While SpaceX will now be able to recover and prepare the capsule for a return trip to the Space Station, much of the cargo that it carried will be sent to NASA. That cargo includes samples from a number of experiments the scientists at the Space Station conducted, including the Microgravity Expanded Stem Cells investigation and the Tissue Regeneration-Bone Defect study.

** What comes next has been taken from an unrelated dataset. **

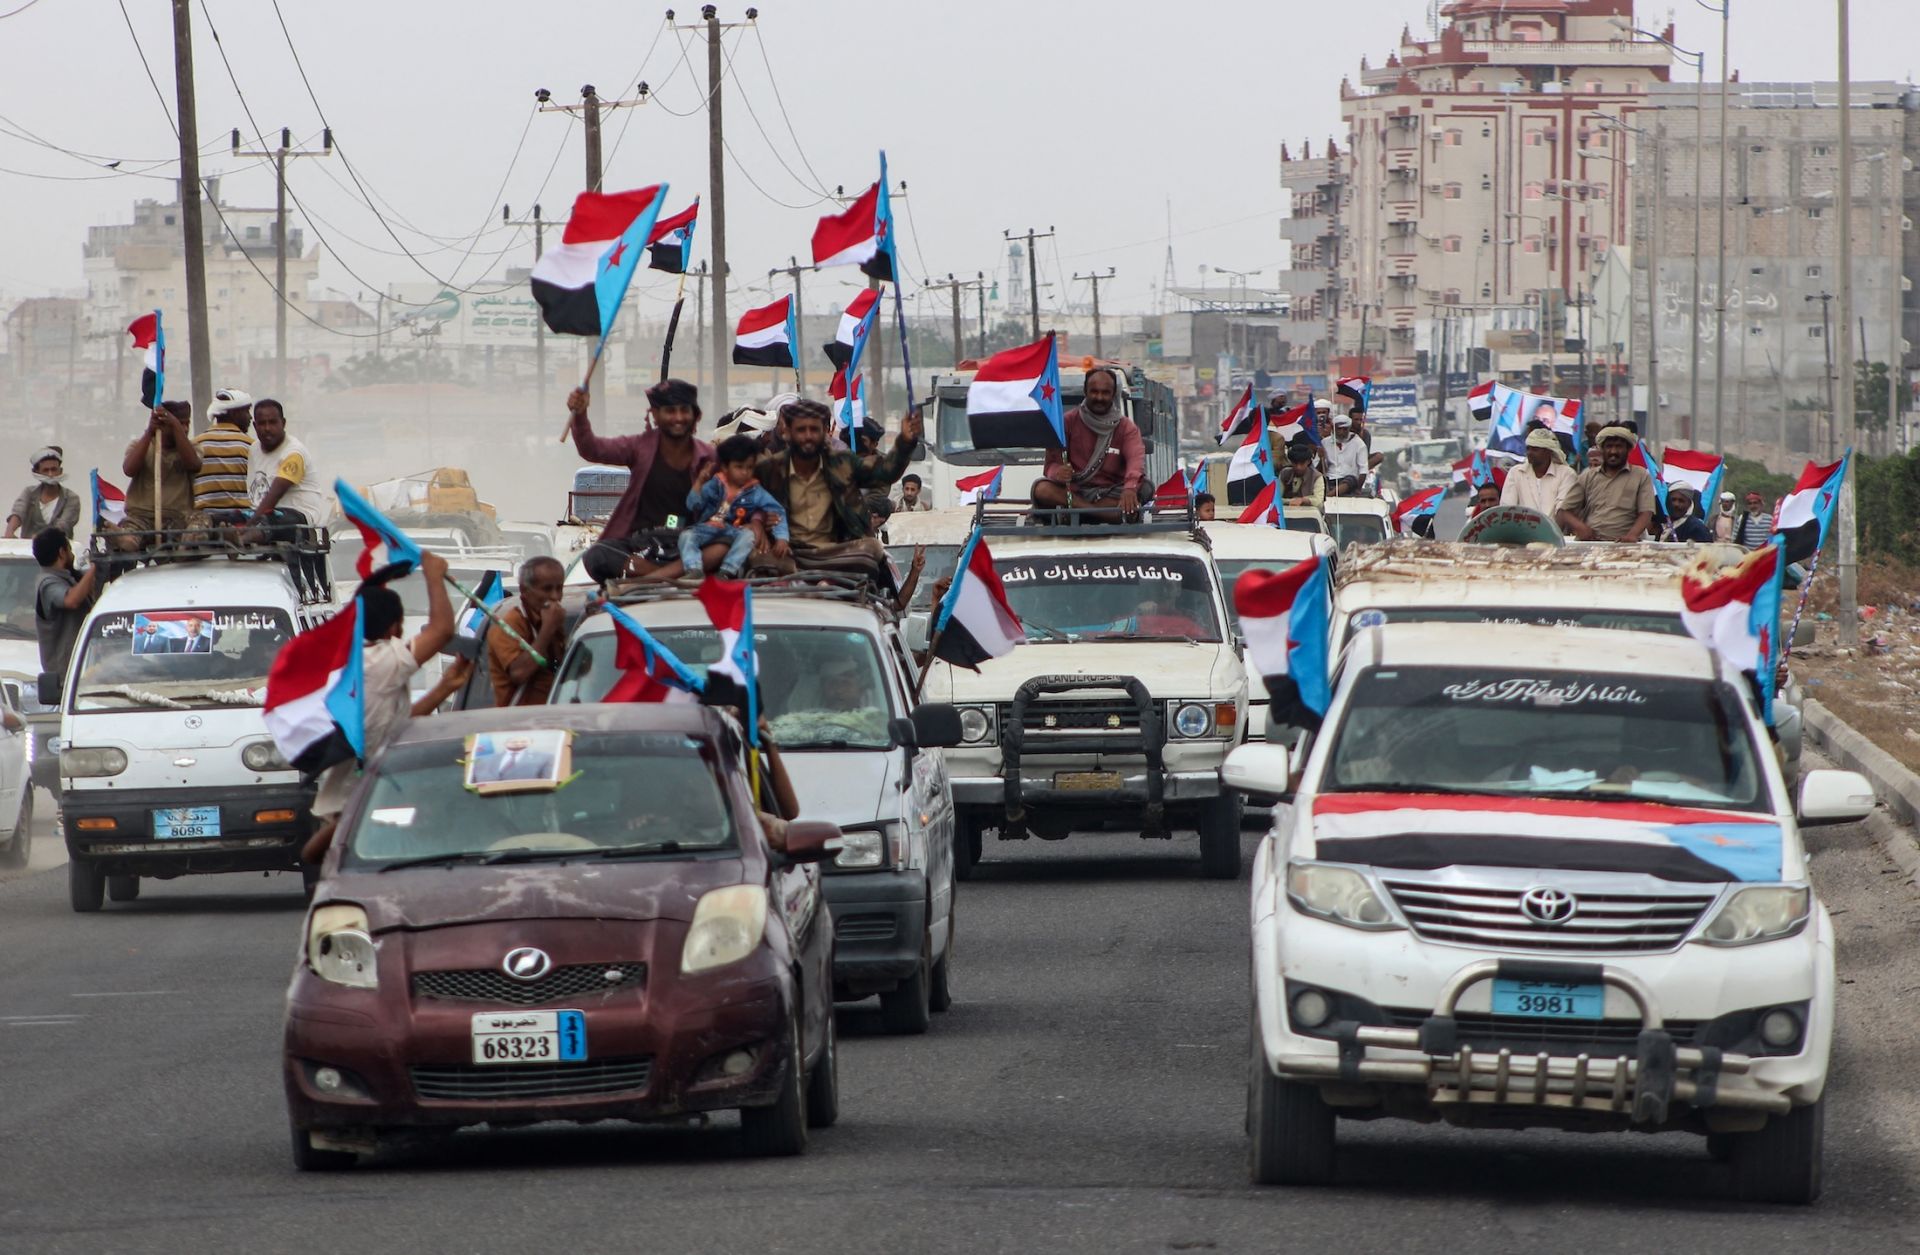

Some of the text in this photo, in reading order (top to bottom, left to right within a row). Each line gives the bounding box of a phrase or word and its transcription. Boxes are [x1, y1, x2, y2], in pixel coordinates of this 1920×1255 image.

“The Microgravity Expanded Stem Cells investigation had crew members observe cell growth and other characteristics in microgravity,” according to NASA’s website. “This information will provide insight into how human cancers start and spread, which aids in the development of prevention and treatment plans. Results from this investigation could lead to the treatment of disease and injury in space, as well as provide a way to improve stem cell production for human therapy on Earth.”

Similarly, the Tissue Regeneration-Bone Defect study, which is a U.S. National Laboratory investigation, explores why humans and other animals can’t regenerate bones and whether being in microgravity could actually allow for that regeneration.

“Results will provide a new understanding of the biological reasons behind a human’s inability to grow a lost limb at the wound site, and could lead to new treatment options for the more than 30 percent of the patient population who do not respond to current options for chronic non-healing wounds.”